■ **What to produce**: Below are the records; retype them exactly and omit each picture.

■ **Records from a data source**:
:::::

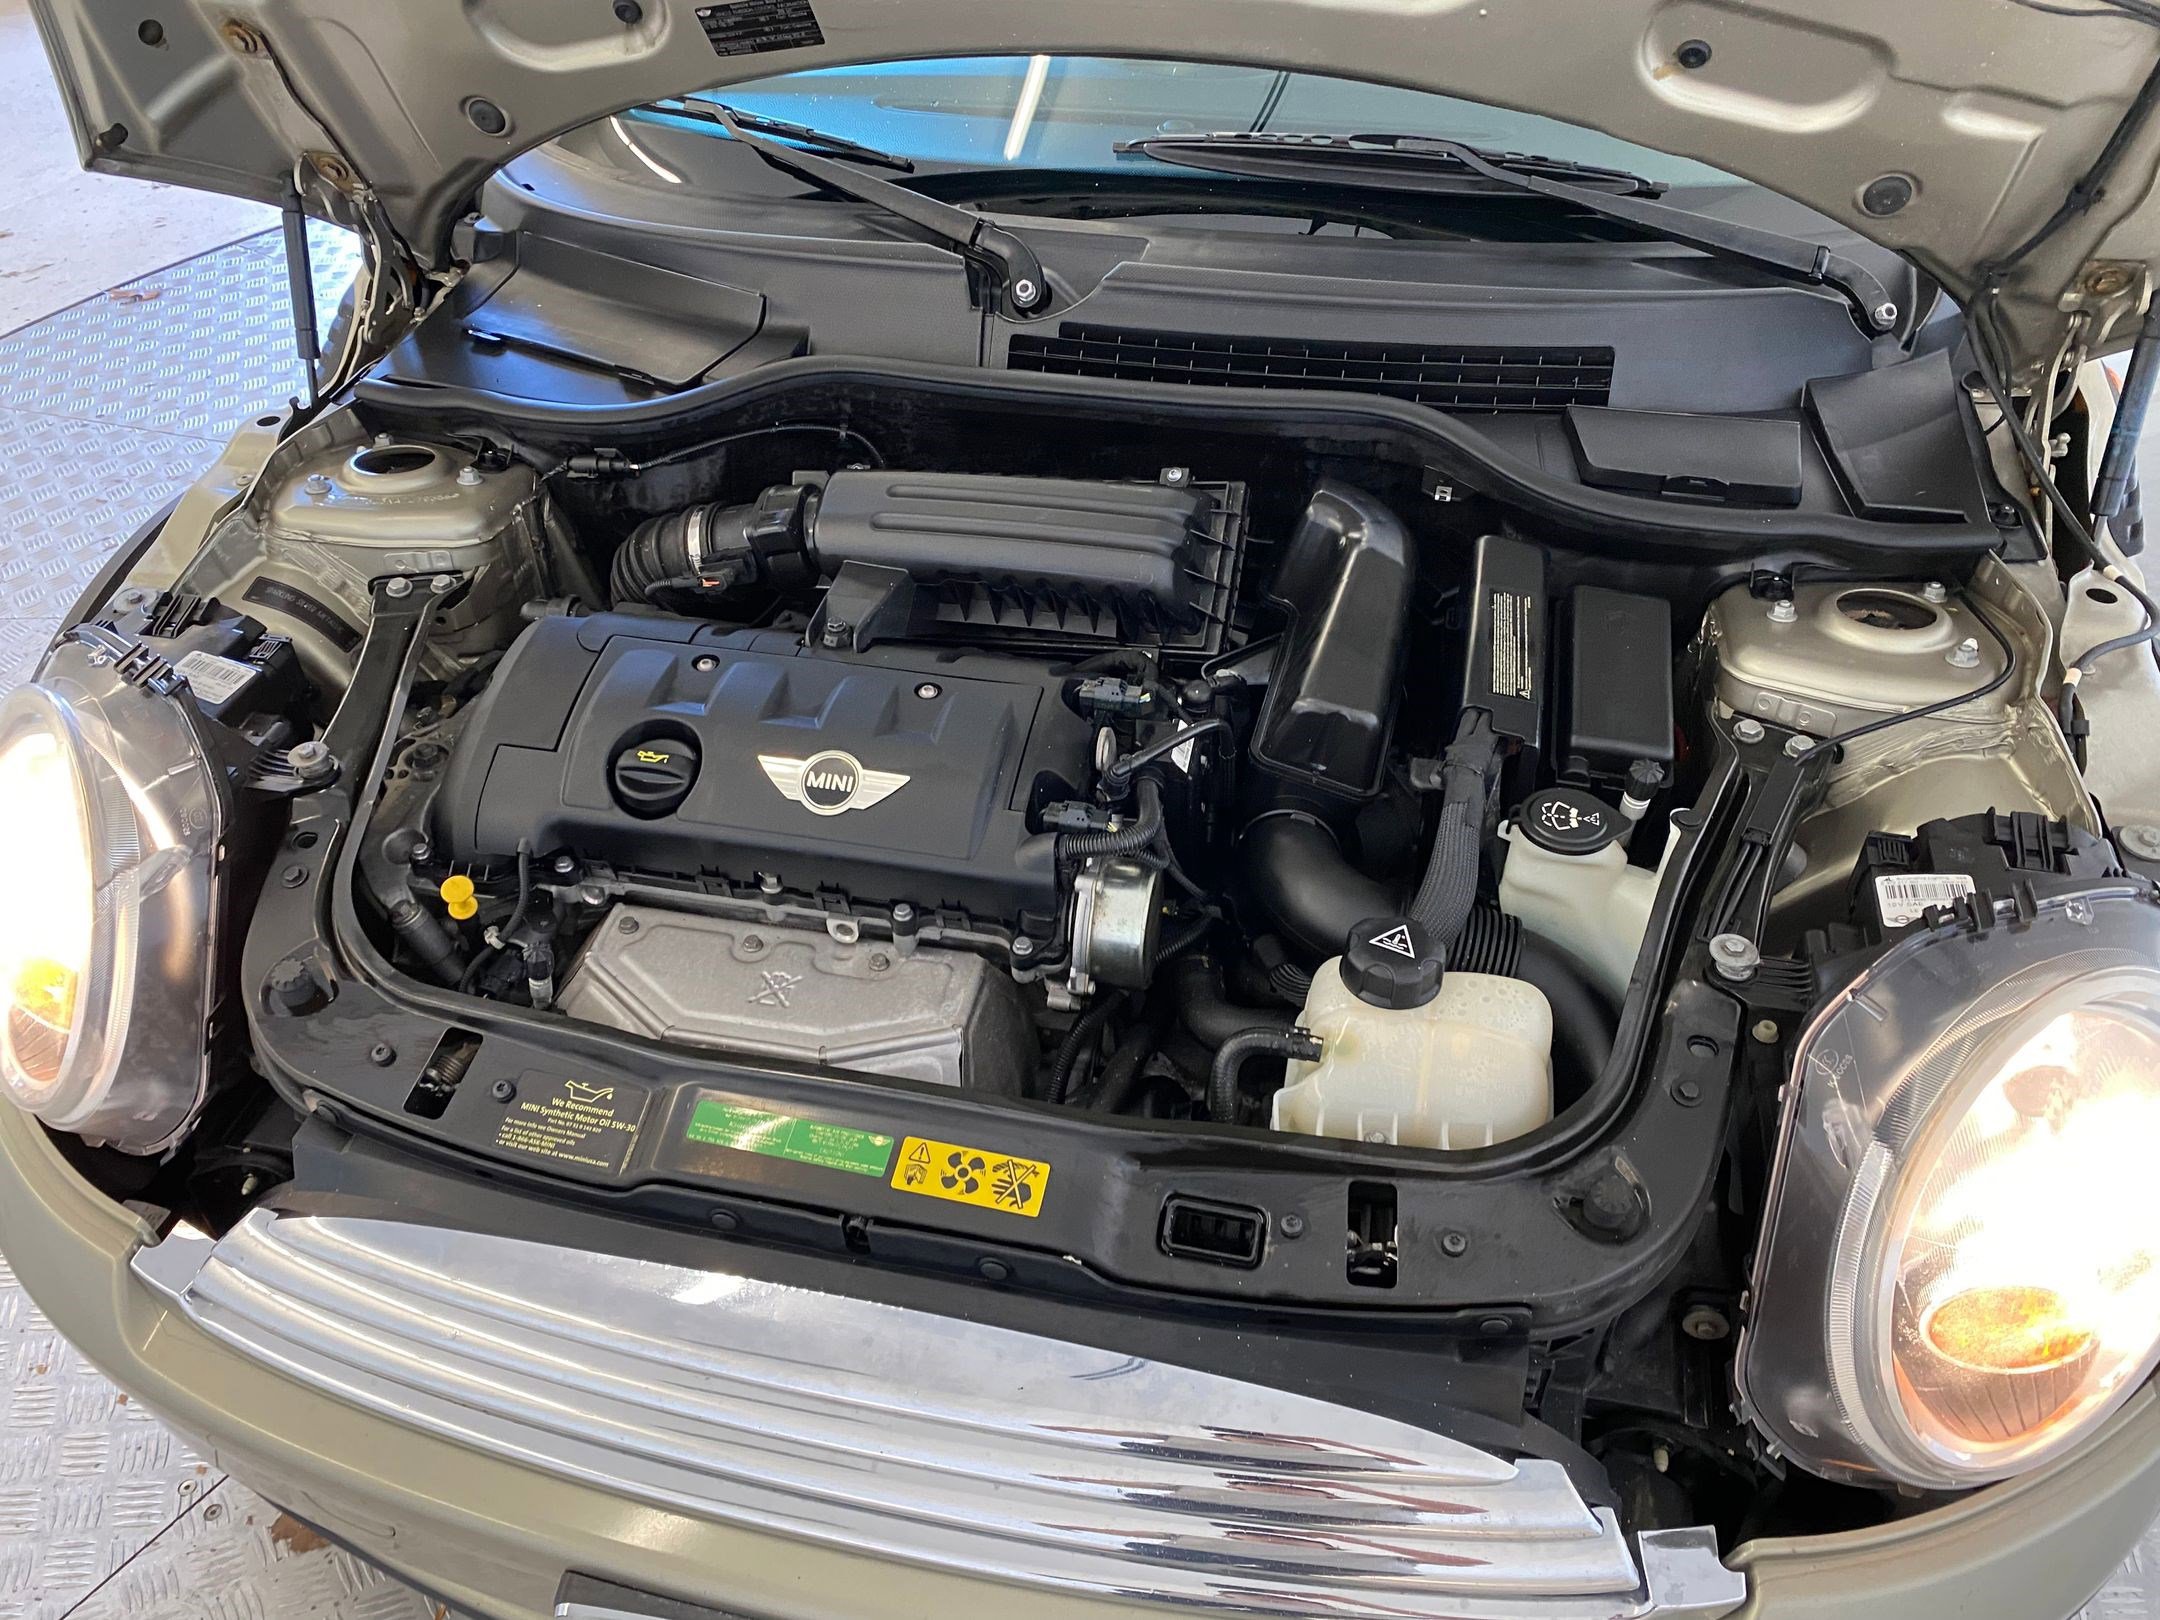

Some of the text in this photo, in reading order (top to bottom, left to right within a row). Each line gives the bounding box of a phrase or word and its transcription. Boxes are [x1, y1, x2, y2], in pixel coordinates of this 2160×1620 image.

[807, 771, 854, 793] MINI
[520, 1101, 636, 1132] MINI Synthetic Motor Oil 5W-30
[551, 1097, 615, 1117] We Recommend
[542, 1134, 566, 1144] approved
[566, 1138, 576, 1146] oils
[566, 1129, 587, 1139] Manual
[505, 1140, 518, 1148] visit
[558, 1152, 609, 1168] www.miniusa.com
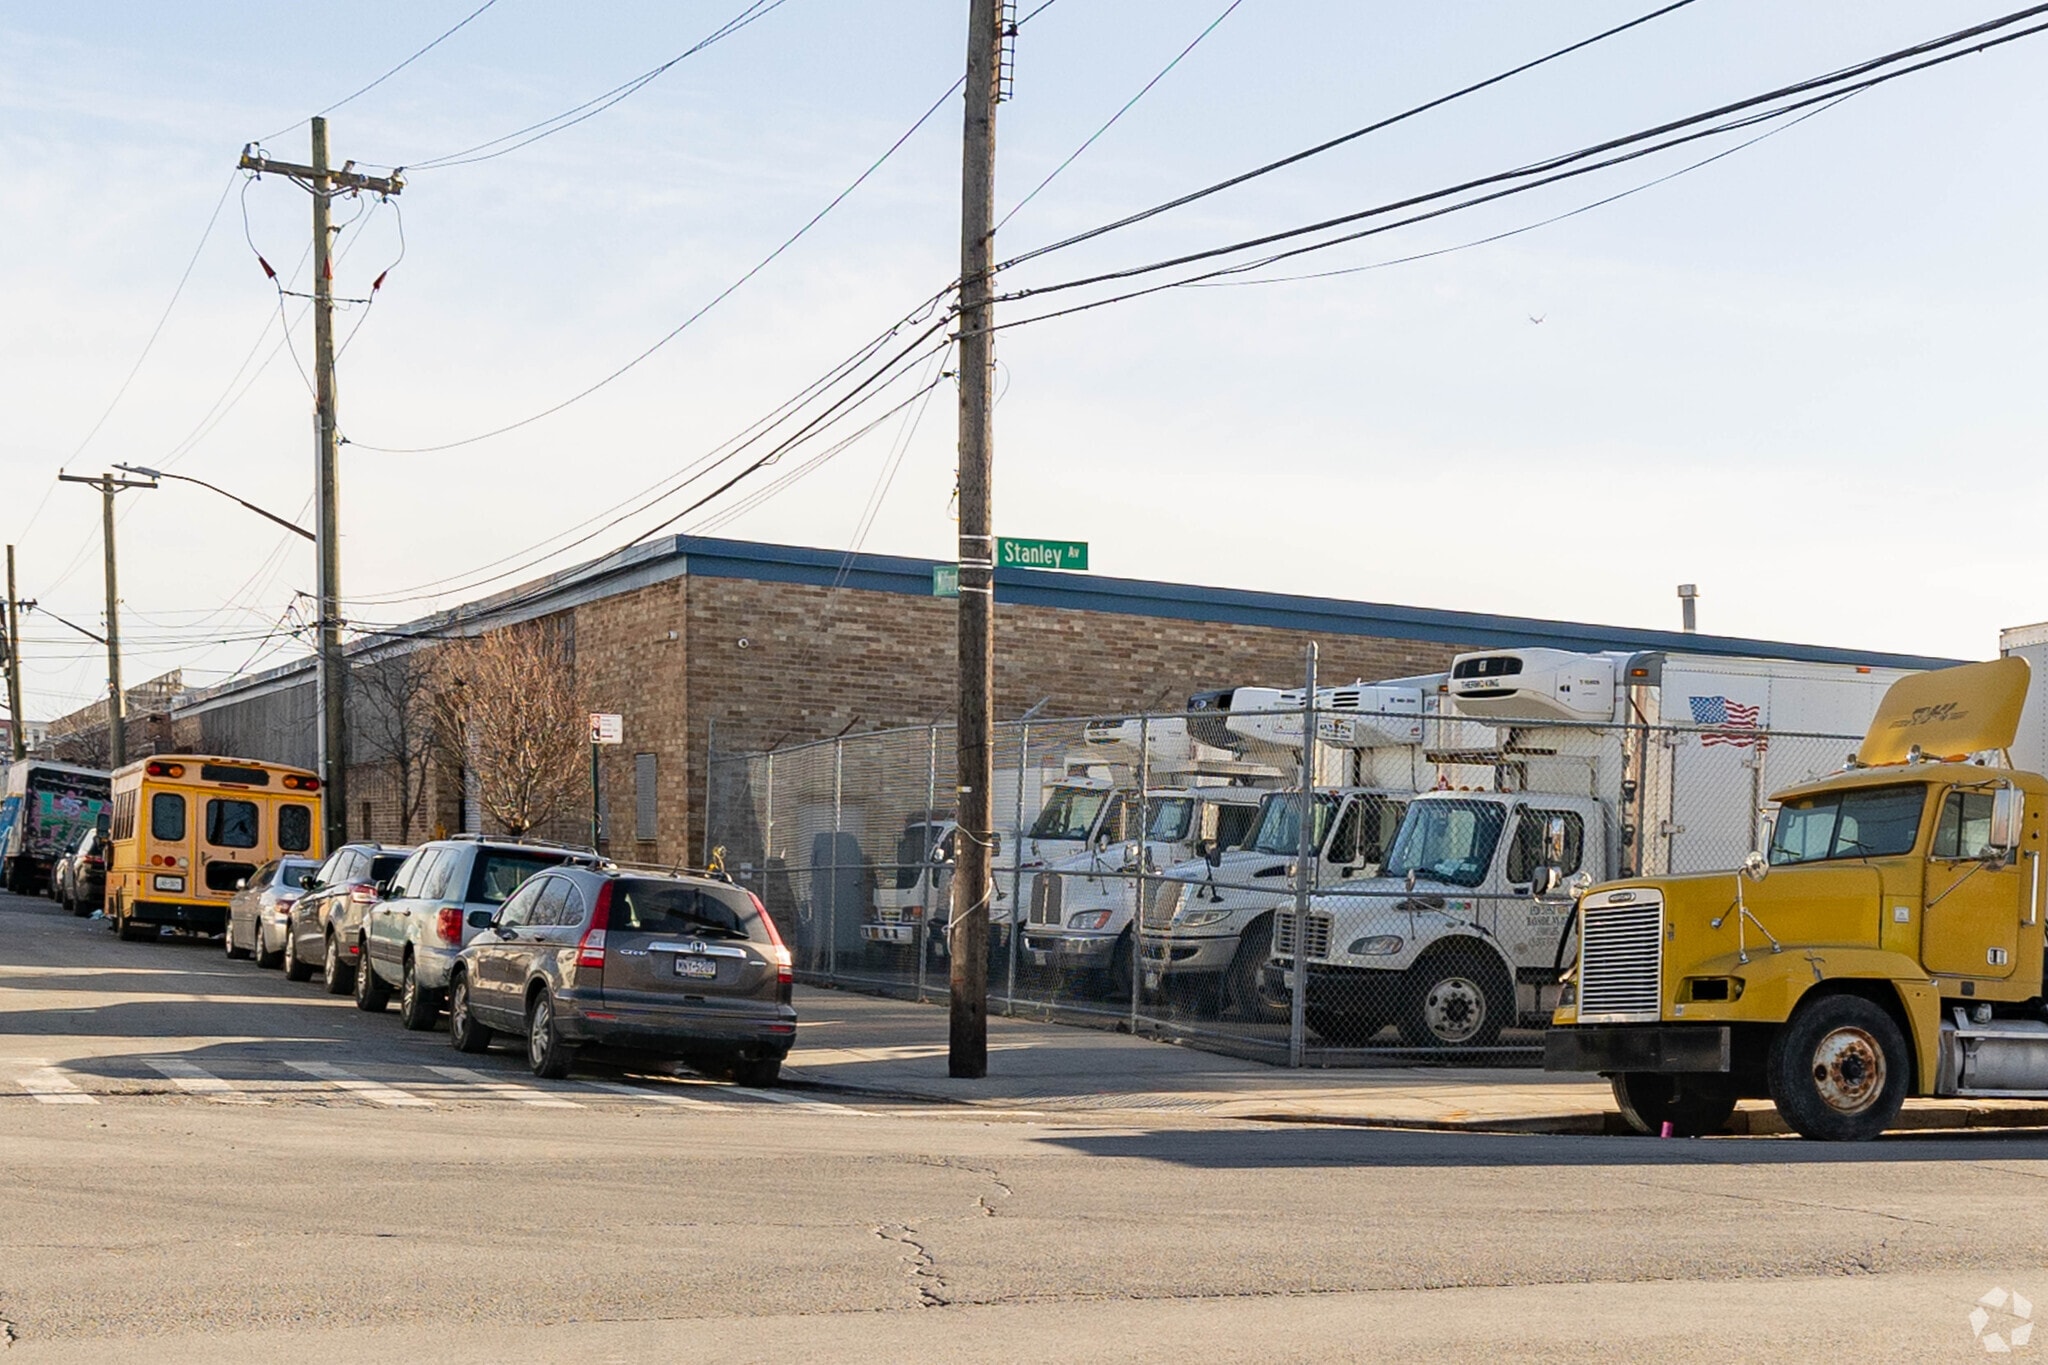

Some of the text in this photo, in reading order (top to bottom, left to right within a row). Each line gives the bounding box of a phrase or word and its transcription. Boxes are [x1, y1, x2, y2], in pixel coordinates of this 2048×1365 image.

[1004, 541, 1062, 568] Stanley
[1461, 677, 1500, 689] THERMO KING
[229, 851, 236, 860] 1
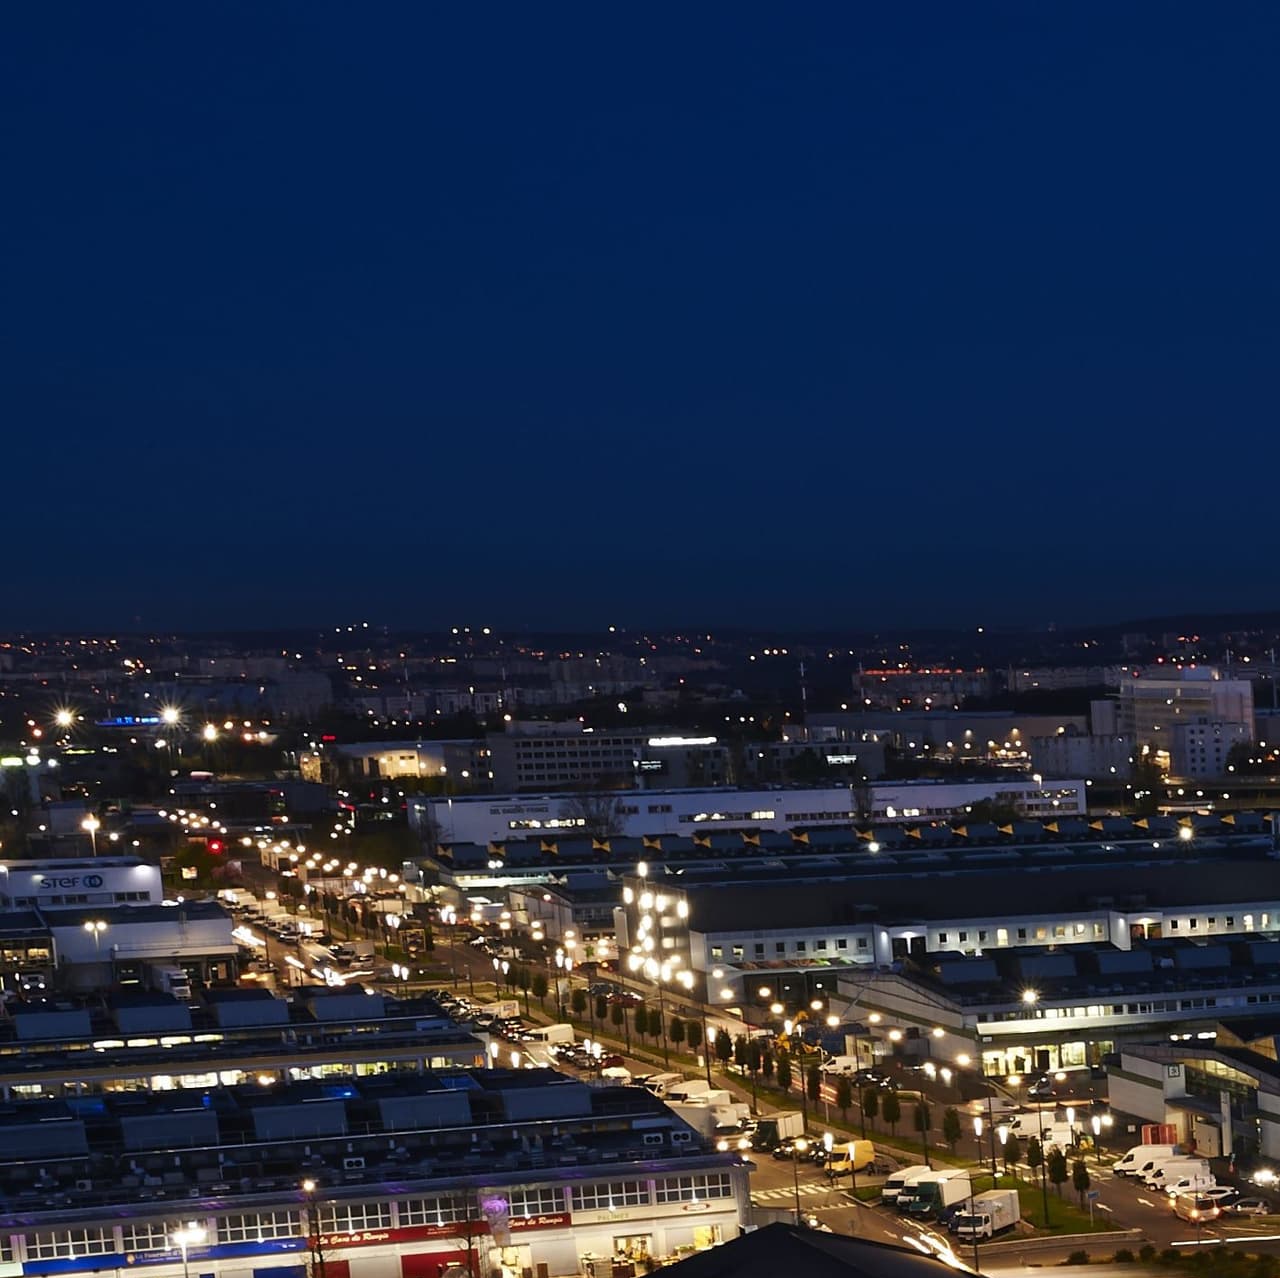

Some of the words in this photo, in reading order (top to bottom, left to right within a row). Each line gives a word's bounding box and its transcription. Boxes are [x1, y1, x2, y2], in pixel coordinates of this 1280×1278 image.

:::::

■ **Reply to the task**:
Some of the text in this photo, in reading order (top to bottom, left to right within a row). Each line gives the bounding box of a phrase or word and its transcription. Boxes are [x1, y1, x2, y2], in pixel coordinates of this 2160×1620 image.

[807, 771, 854, 793] MINI
[520, 1101, 636, 1132] MINI Synthetic Motor Oil 5W-30
[551, 1097, 615, 1117] We Recommend
[542, 1134, 566, 1144] approved
[566, 1138, 576, 1146] oils
[566, 1129, 587, 1139] Manual
[505, 1140, 518, 1148] visit
[558, 1152, 609, 1168] www.miniusa.com

Some of the text in this photo, in reading order (top to bottom, left to right within a row). Each line gives the bounding box of a phrase or word and its transcription. Boxes are [x1, y1, x2, y2], in pixel coordinates of this 2048×1365 image.

[1004, 541, 1062, 568] Stanley
[1461, 677, 1500, 689] THERMO KING
[229, 851, 236, 860] 1

Some of the words in this photo, in reading order (top to bottom, left to right within a row). Each line gives a word's bounding box and its transcription. Boxes are [x1, y1, x2, y2], in pixel coordinates of this 1280×1278 image.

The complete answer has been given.